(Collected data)
++++++

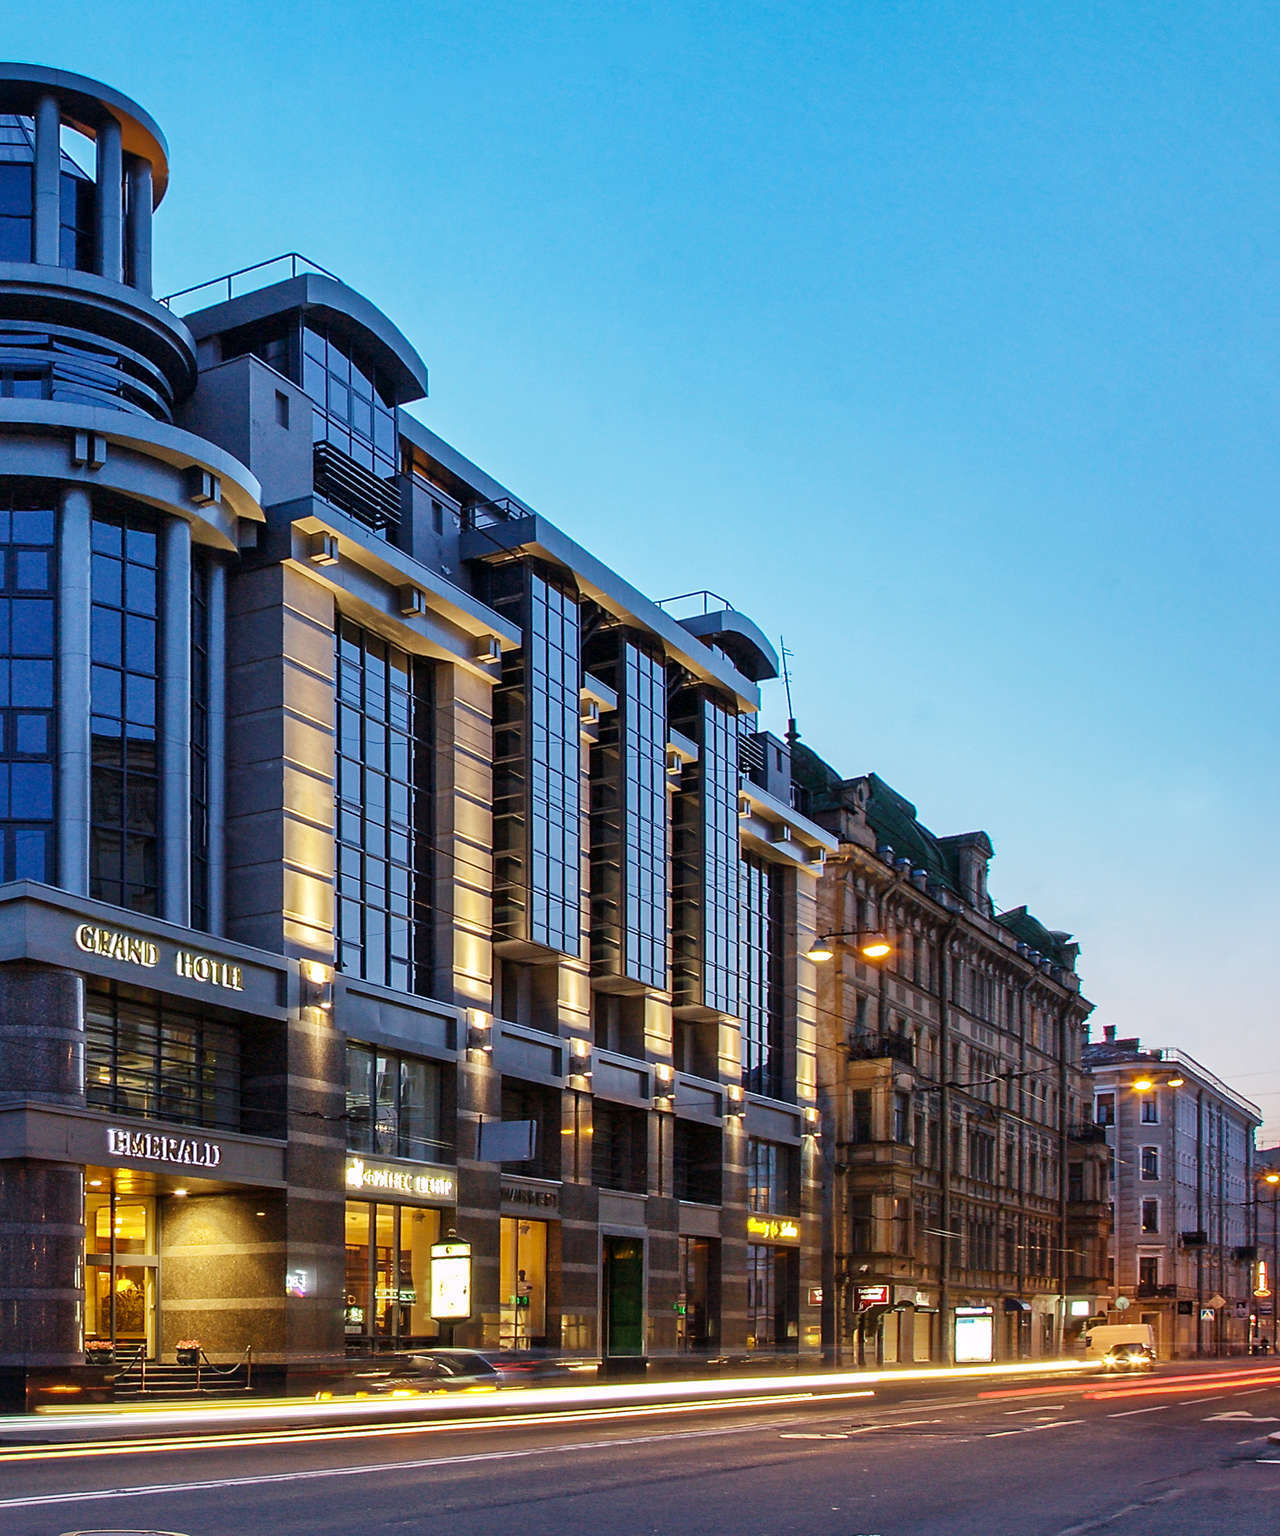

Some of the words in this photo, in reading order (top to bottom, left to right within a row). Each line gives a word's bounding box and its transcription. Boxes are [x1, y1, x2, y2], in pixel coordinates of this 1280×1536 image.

[75, 923, 160, 968] GRAND
[176, 950, 246, 992] HOTEL
[107, 1127, 221, 1168] EMERALD
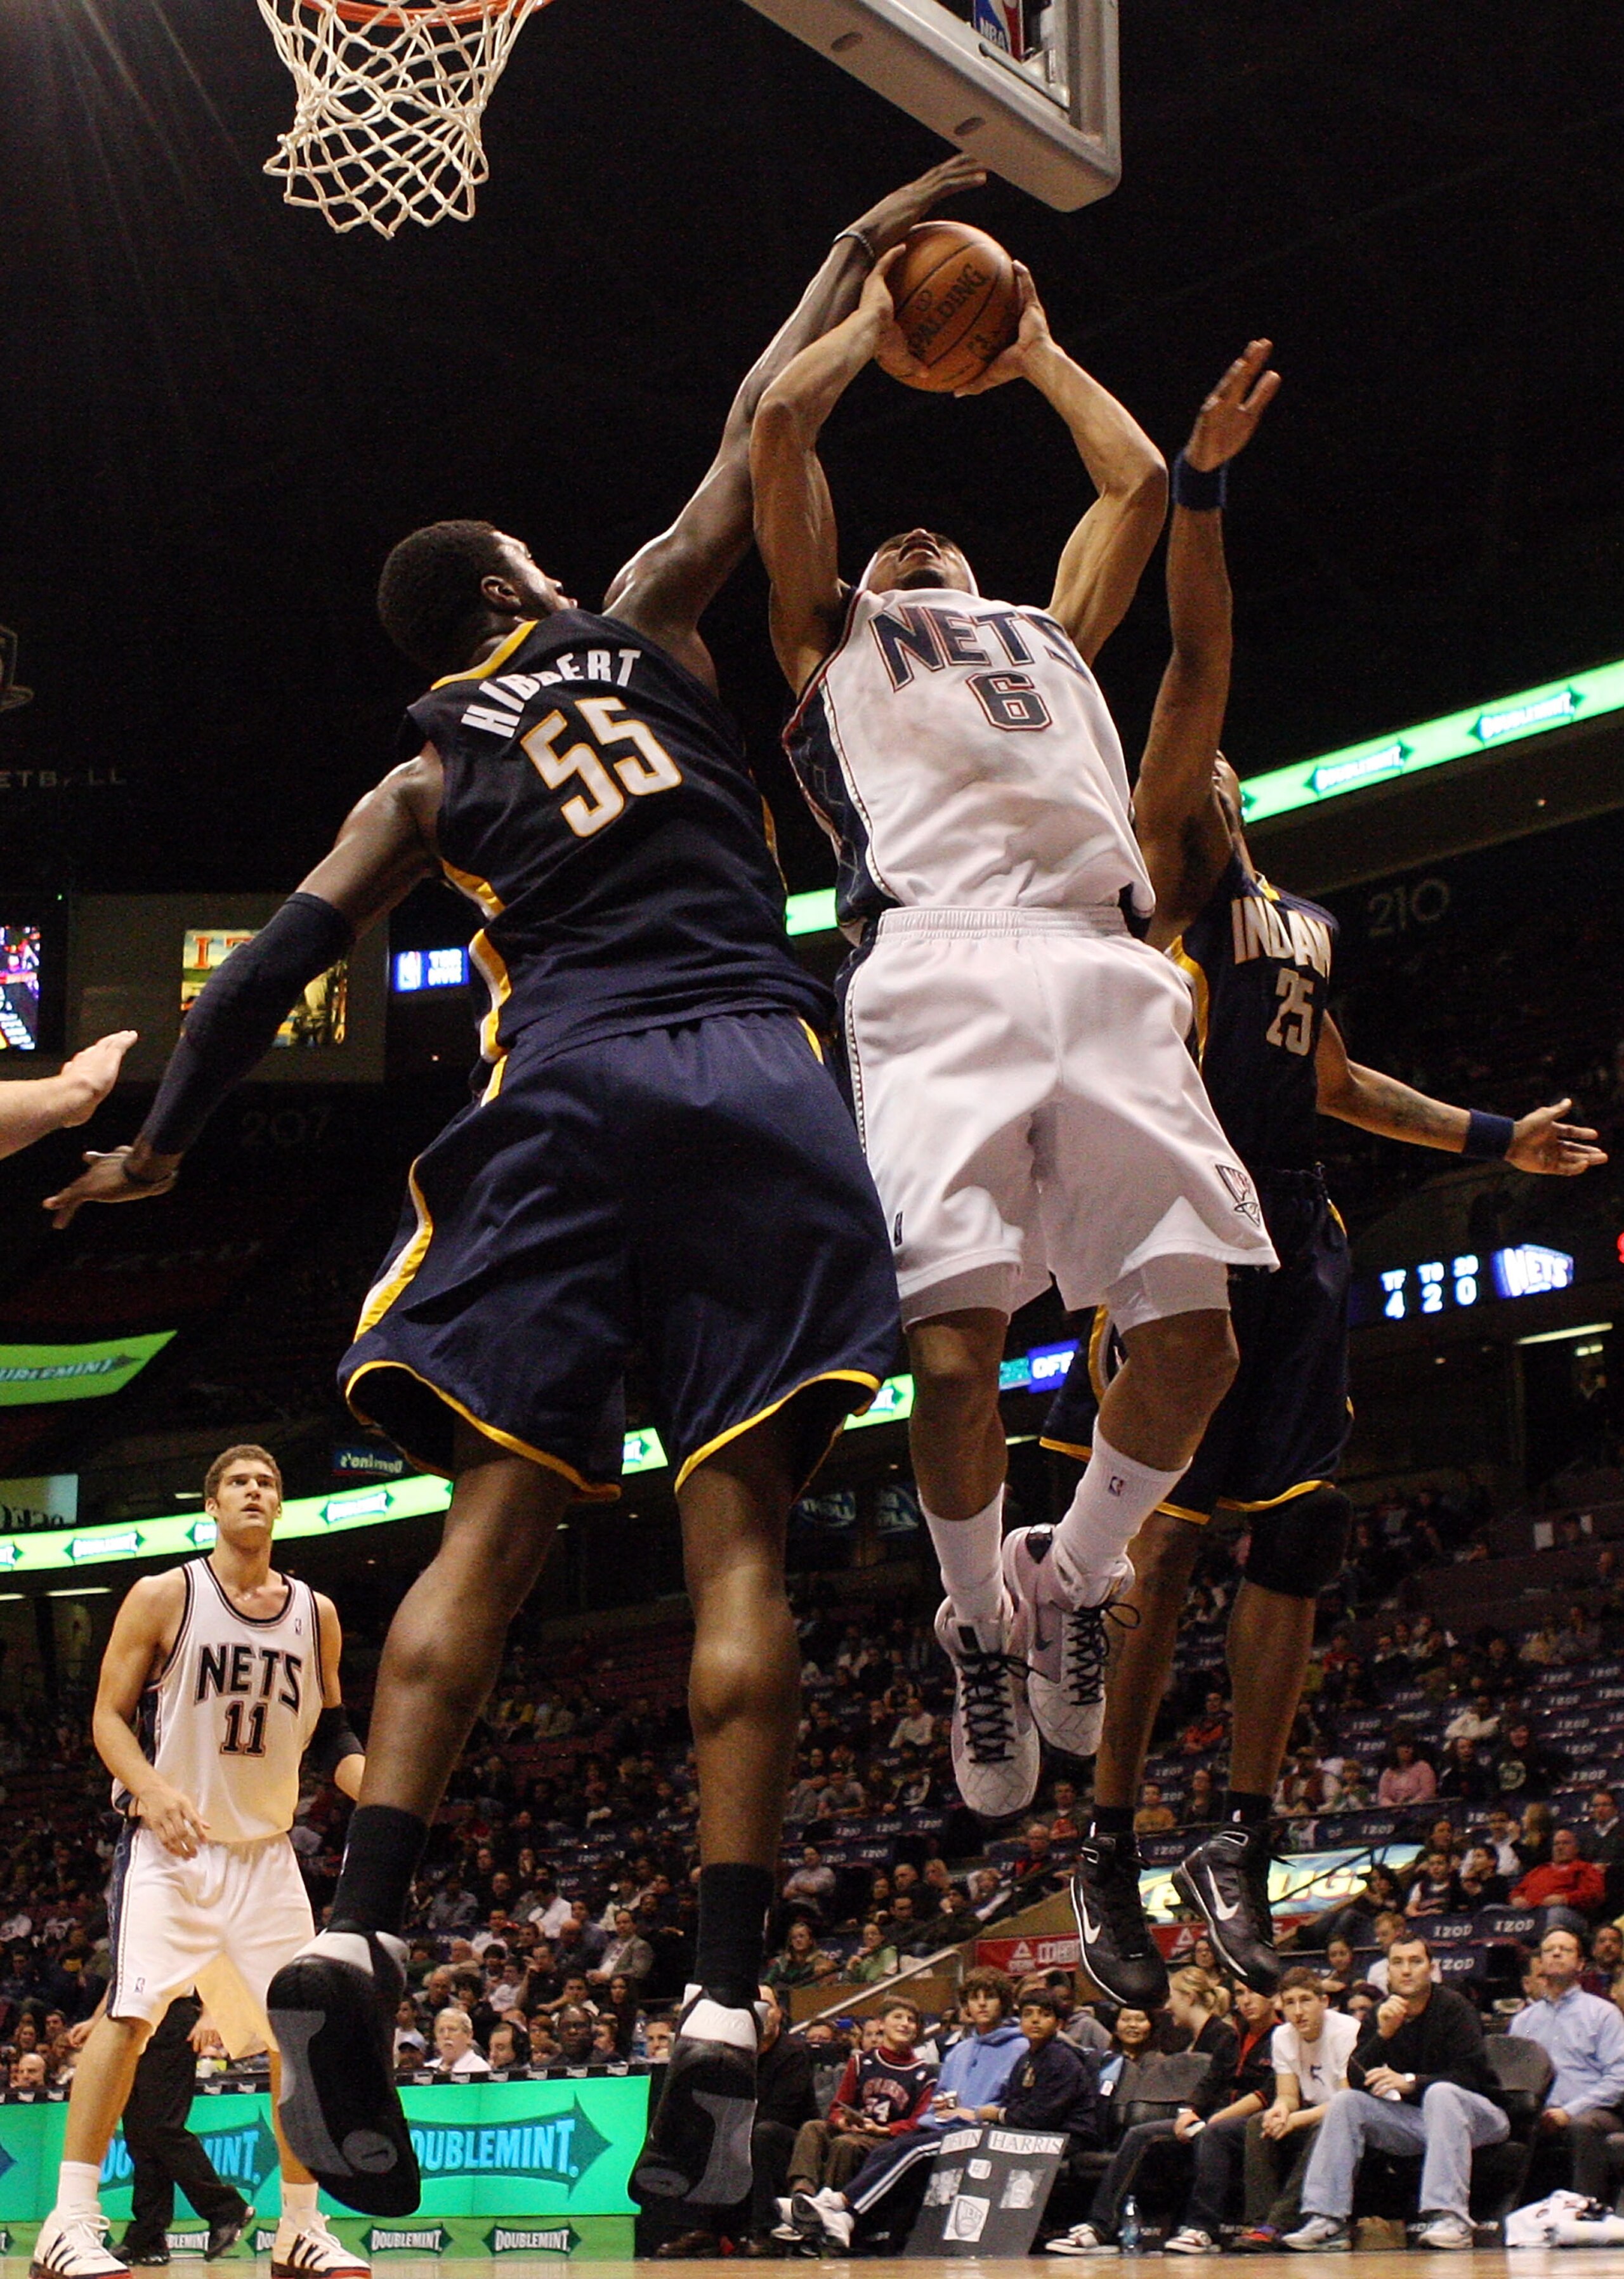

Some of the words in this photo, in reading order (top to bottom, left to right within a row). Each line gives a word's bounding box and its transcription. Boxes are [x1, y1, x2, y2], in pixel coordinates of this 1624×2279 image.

[461, 648, 642, 738] HIBBERT
[966, 669, 1053, 731] 6
[520, 697, 683, 837] 55
[1266, 966, 1315, 1056] 25
[1421, 1283, 1443, 1313] 2
[1455, 1276, 1477, 1306] 0
[1502, 1247, 1569, 1297] NETS
[194, 1643, 302, 1717] NETS
[220, 1700, 268, 1757] 11
[1434, 1924, 1474, 1938] IZOD
[1494, 1919, 1535, 1933] IZOD
[992, 2134, 1061, 2152] HARRIS

++++++

◆ REQUIRED WORK
Please output the line that contains "this 1624×2279 image." and every line after it in the entries above, exactly, and nothing more.

◆ RESPONSE TO THE EXERCISE
Some of the words in this photo, in reading order (top to bottom, left to right within a row). Each line gives a word's bounding box and its transcription. Boxes are [x1, y1, x2, y2], in pixel coordinates of this 1624×2279 image.

[461, 648, 642, 738] HIBBERT
[966, 669, 1053, 731] 6
[520, 697, 683, 837] 55
[1266, 966, 1315, 1056] 25
[1421, 1283, 1443, 1313] 2
[1455, 1276, 1477, 1306] 0
[1502, 1247, 1569, 1297] NETS
[194, 1643, 302, 1717] NETS
[220, 1700, 268, 1757] 11
[1434, 1924, 1474, 1938] IZOD
[1494, 1919, 1535, 1933] IZOD
[992, 2134, 1061, 2152] HARRIS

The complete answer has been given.